« Désir est l’avant non-commençant du commencé » (Robert Duncan)
« Désir est l’avant non-commençant du commencé » (Robert Duncan [1])
À propos du Livre d’El - d’où, de Caroline Sagot Duvauroux, par Marie de Quatrebarbes.
Épigramme, raillerie, d’où que cela soit venu d’ici – « Là où ailleurs ». Depuis ce point d’où je parle, El incline. D’abord il y a l’existence d’une peau. D’où je ? depuis laquelle il y a parole, graphe, baiser sur le bras de l’aimé. L’existence d’une peau sur laquelle est venue se greffer une question. D’où cela peut-il ? D’où a-t-il fallu que cela soit ? On entend de la « banlieue de l’être » : D’où tu me parles ? Demander d’où : faire effort pour comprendre, alors même que la préhension se déprend. Que cela soit encore ancré en nous, le désir persistant. Alors même.
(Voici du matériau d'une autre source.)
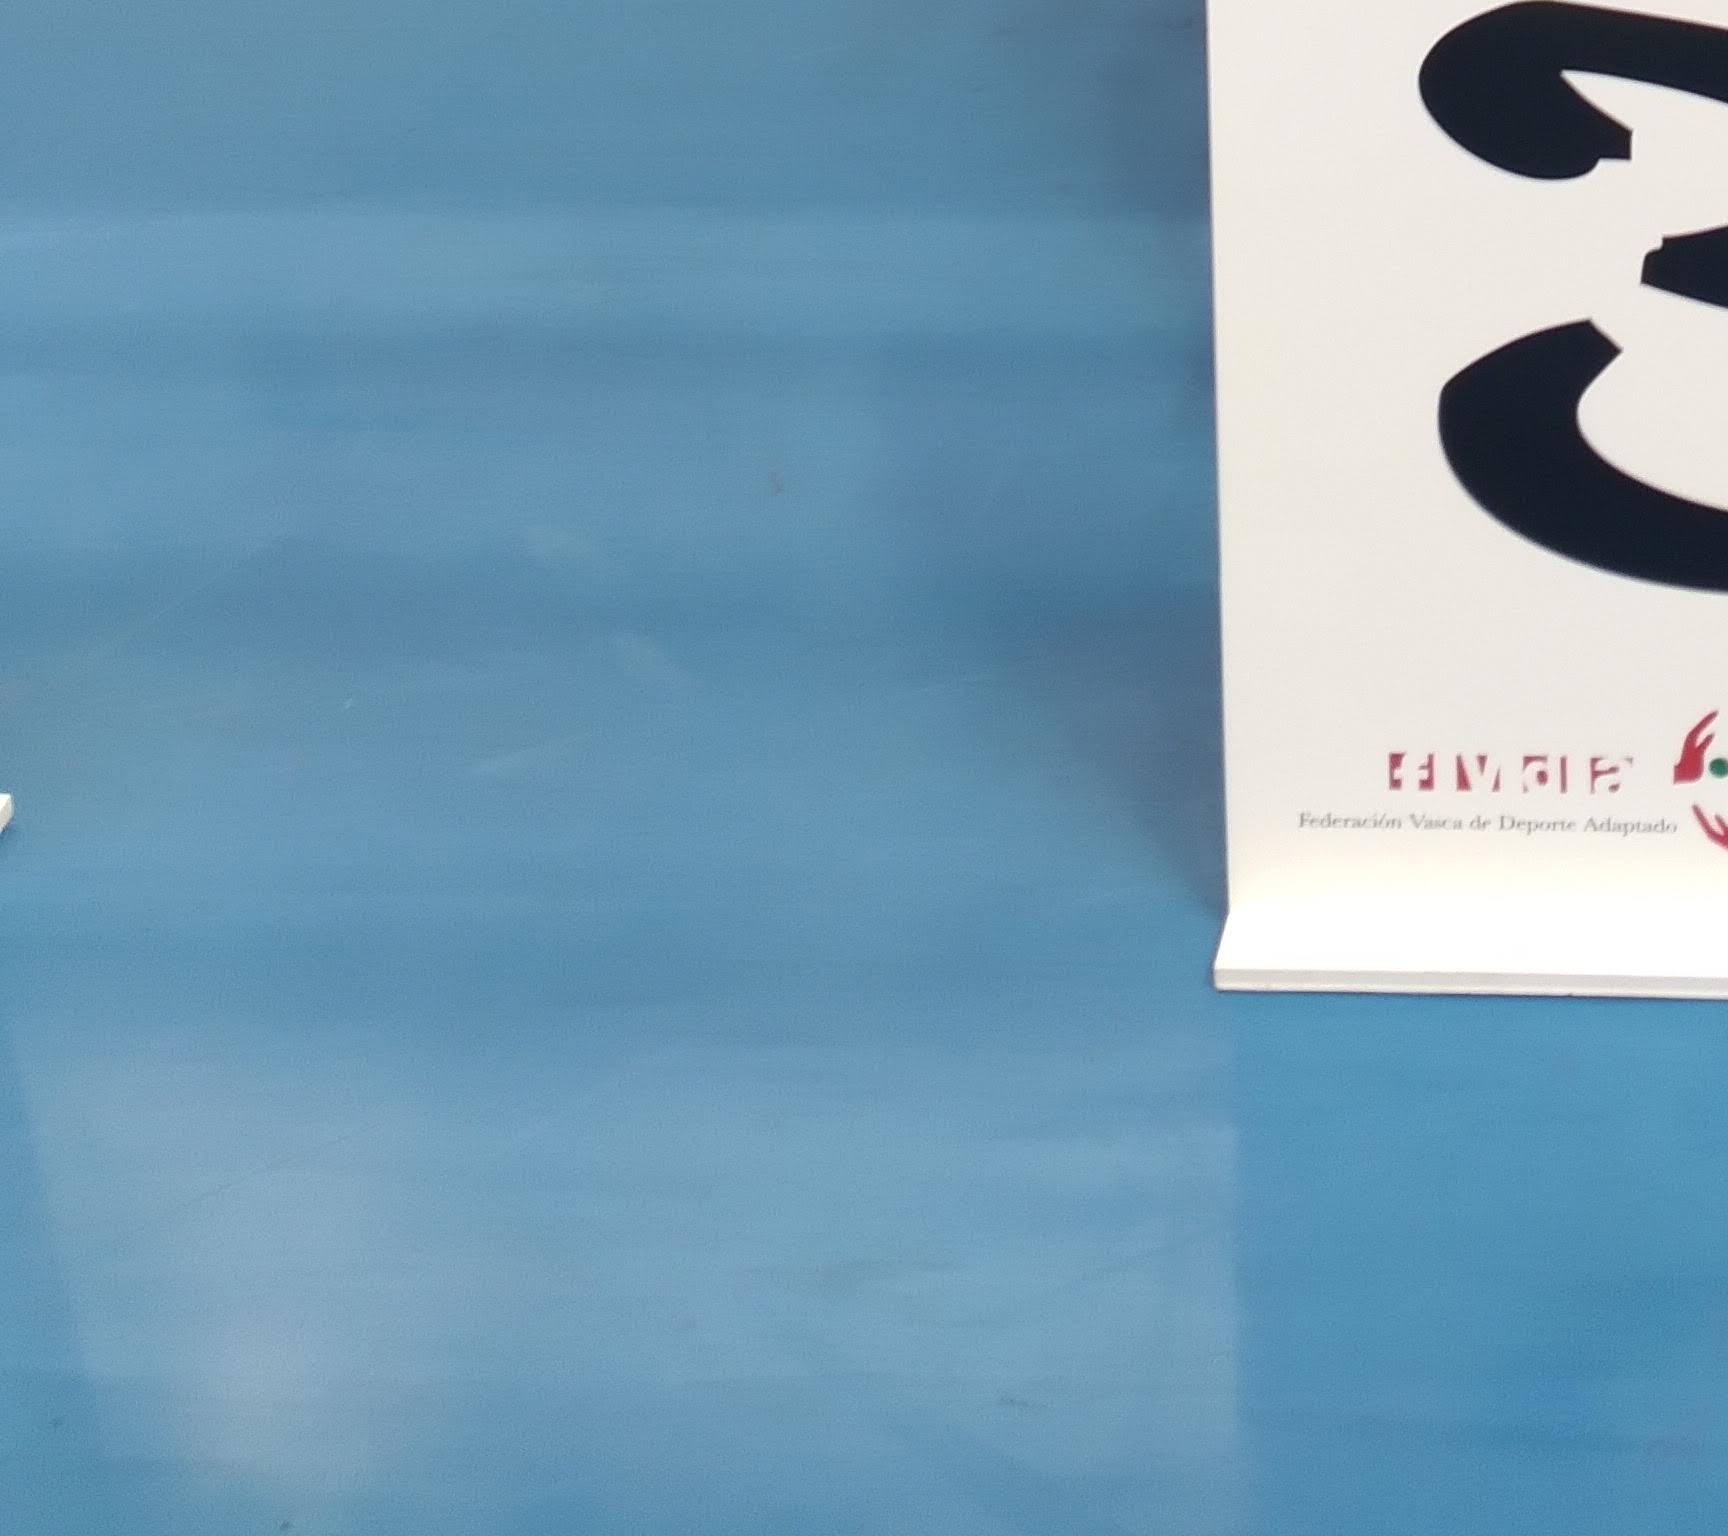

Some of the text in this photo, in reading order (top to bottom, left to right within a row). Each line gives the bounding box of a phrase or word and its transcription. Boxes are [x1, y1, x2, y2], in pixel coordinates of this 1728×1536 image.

[1298, 811, 1679, 837] Federación Vasca de Deporte Adaptado
Des bords du texte, un inatteignable, lointain horizon lorsque « l’accompli grandit l’inaccompli » (Aa), dessine un territoire en rémission. D’où qu’il faille, soit possible de prendre parole, élever le ton, chuchoter la polysémie d’une peau d’où – Car si j’ai d’où, la question se pose aussi de savoir d’où j’ai, langage et indétermination qui mènent au livre. D’où qu’il faille. « Le présent gonfle, passe les bords ». La parole est paroi. À la lisière de parler, on se demande : qui est déjà là, qui bégaye ? Qui parle depuis ou avant, « toujours avant l’origine » (Aa) ?
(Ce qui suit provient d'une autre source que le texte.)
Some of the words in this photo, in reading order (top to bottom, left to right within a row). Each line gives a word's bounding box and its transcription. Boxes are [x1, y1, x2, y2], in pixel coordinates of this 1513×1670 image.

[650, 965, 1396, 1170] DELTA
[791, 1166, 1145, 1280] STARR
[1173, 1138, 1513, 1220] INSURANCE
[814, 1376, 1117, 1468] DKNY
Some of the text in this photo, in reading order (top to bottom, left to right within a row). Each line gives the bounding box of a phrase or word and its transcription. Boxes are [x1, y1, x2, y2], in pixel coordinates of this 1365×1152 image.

On ne touche pas les choses dans le mille. On sait qu’au bord seul mille est possible. À la surface étale d’une peau, nudité scellée. À toujours, la question est peau, et la peau déjà s’insinue sur le chemin. À bord de parole, prête à tout, verser par-dessus verbe, El déborde. « à = toi ». Avant le texte, l’adresse délivre ses mathèmes. L’élan vers, c’était toi contenu dans le geste pour aller, comme on dit, de l’avant. Depuis le silence qui préside à l’exclamation de jouissance, aux râles, aux pleurs, aux cris. « À c’est le point. »
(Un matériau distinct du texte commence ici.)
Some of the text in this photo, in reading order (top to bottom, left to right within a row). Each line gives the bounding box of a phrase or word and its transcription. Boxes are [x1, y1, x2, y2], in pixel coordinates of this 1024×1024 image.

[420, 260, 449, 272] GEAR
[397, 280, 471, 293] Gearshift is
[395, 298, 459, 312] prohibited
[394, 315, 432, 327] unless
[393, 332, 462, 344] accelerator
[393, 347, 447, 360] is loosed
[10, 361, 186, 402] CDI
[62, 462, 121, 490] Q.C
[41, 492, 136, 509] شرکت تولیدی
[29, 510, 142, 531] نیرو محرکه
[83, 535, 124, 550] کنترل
« Il faudra perdre le temps pour déployer la géographie de l’instant ». Faire retour toujours vers l’à vent. Faire « comme un ». Mais comment aurait-il fait, ce « un » pluriel, « anonymes » qui délivrent ce qu’il y a en nous d’altéré ? C’est toujours d’où, avant qu’elle ne parle, cela d’elle qui se situe quelque part au bord de la catastrophe. On attend. Qu’il advienne. Allons donc ! Aller vers cela qui s’érige en nous et refuse catégoriquement de se soumettre à la force, ce qui « se retourne dans le jour ». À bord dire. Cette étoffe. En route vers elle. Au cœur, creuser un parcours. Lorsque « tout déborde du tricot rétréci ». Ouvrir la baie. Se poster à l’endroit précis d’où « les mots rebroussent chemin ». À « l’aube enculée », depuis l’origine : le contre-point. Et jusqu’à ce que « Je = défaille » en accents amoureux invoquant L’inventeur de l’amour : « Ta mort me renonce à l’aube. Ta mort me phrase. »
Infini contournement. « Dans la marge où nous se cantonne, la tentative défeutre. » Prendre le temps de côté, effacer les nœuds. Reprendre une fois encore l’inventaire des reprises. Puisque « l’horizon c’est dedans l’enfance ». Avant l’extinction programmée du souffle. « D’où meurt-il ? ou c’est l’aube. » Tout à commencer. À surprendre. Et puis nous serons deux alors, dans la petite question ravaudée qui se colle aux bouches closes : « irons-nous jusqu’au regard des autres toucher cette fiction ensemble ? »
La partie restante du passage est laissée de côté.